START Data listing

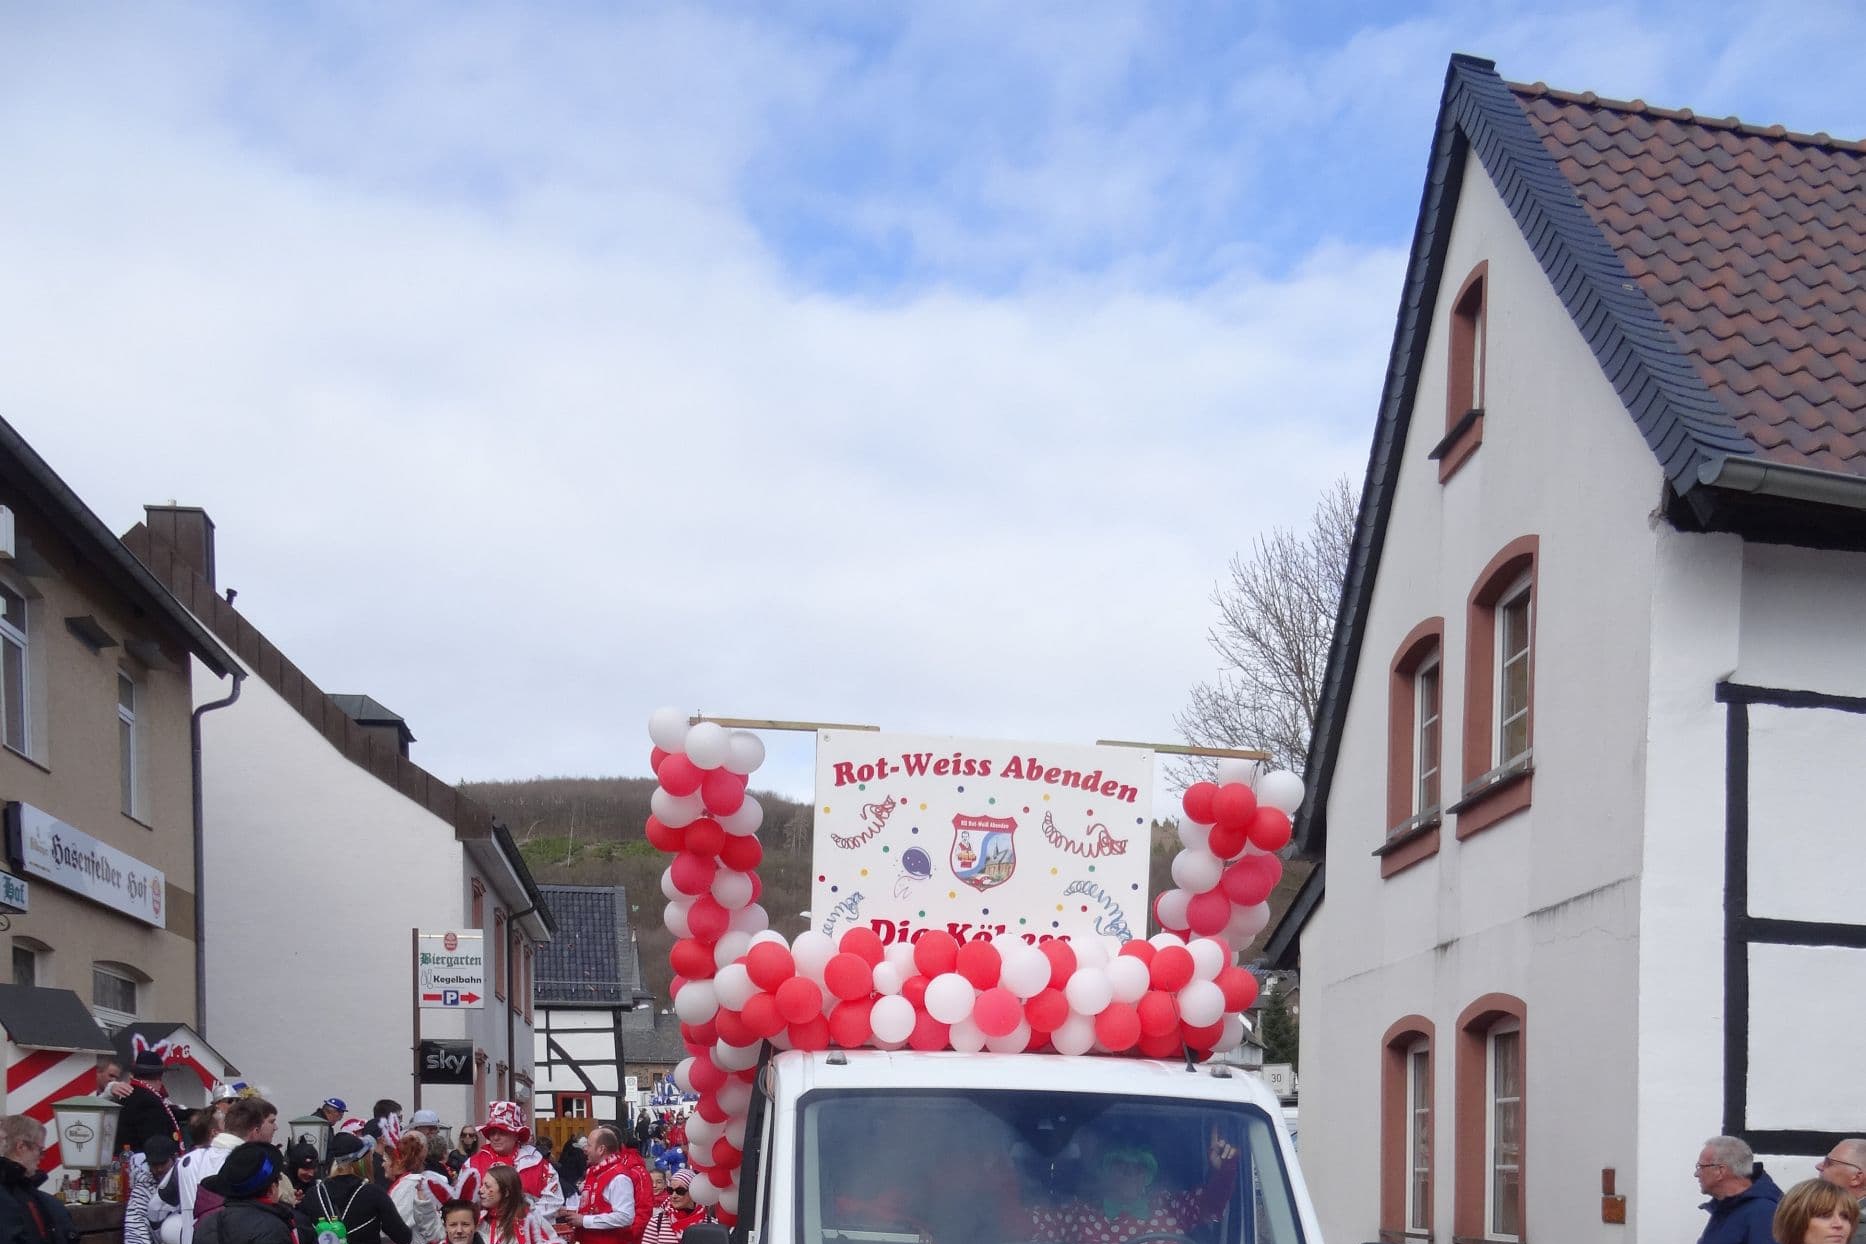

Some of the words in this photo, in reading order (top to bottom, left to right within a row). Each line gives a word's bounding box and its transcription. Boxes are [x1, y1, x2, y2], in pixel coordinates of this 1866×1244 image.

[833, 752, 992, 787] Rot-Weiss
[1000, 755, 1138, 802] Abenden
[52, 834, 121, 889] Hasenfelder
[128, 871, 147, 906] Hof
[420, 952, 481, 967] Biergarten
[433, 975, 481, 985] Kegelbahn
[427, 1050, 466, 1075] sky
[1272, 1074, 1281, 1082] 30
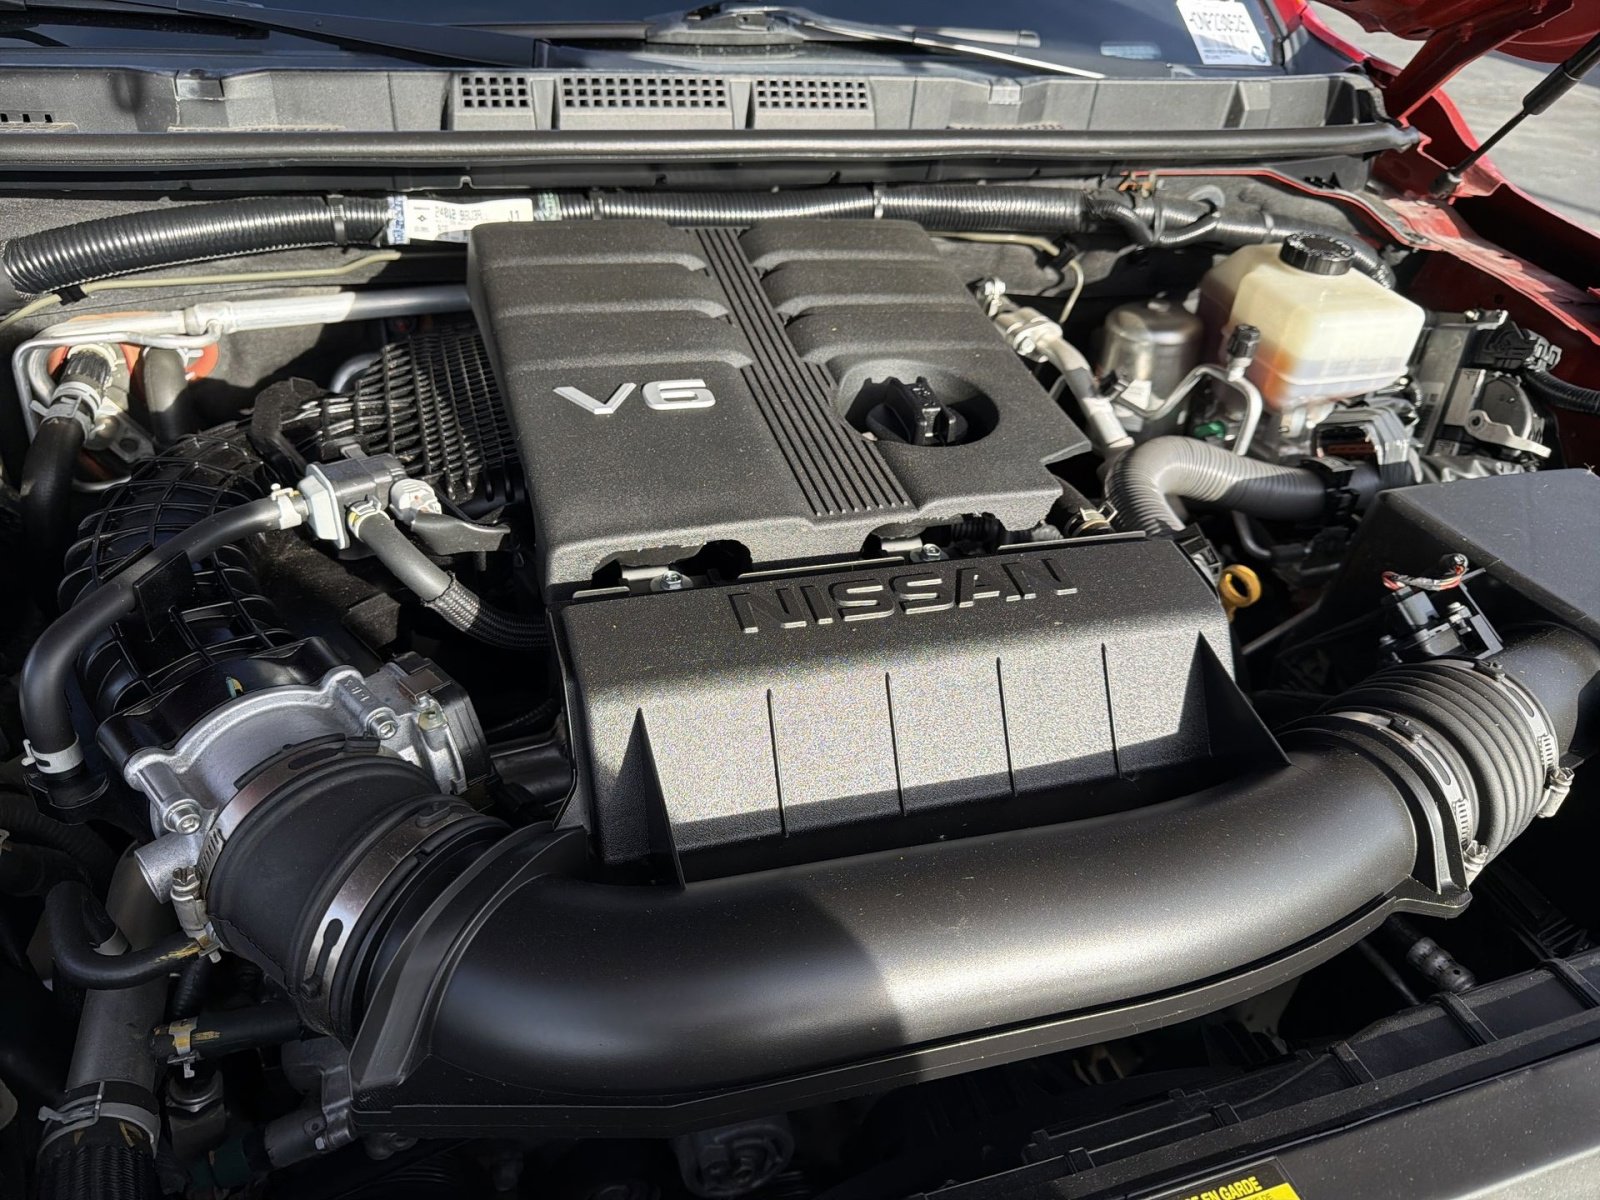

END Data listing

* _Problem statement_
The result should be the same data as above, line for line, with the pictures gone.

* _Reply_
Some of the words in this photo, in reading order (top to bottom, left to right within a row). Each line gives a word's bounding box and its transcription. Boxes are [x1, y1, x2, y2], in pixel coordinates of this 1866×1244 image.

[833, 752, 992, 787] Rot-Weiss
[1000, 755, 1138, 802] Abenden
[52, 834, 121, 889] Hasenfelder
[128, 871, 147, 906] Hof
[420, 952, 481, 967] Biergarten
[433, 975, 481, 985] Kegelbahn
[427, 1050, 466, 1075] sky
[1272, 1074, 1281, 1082] 30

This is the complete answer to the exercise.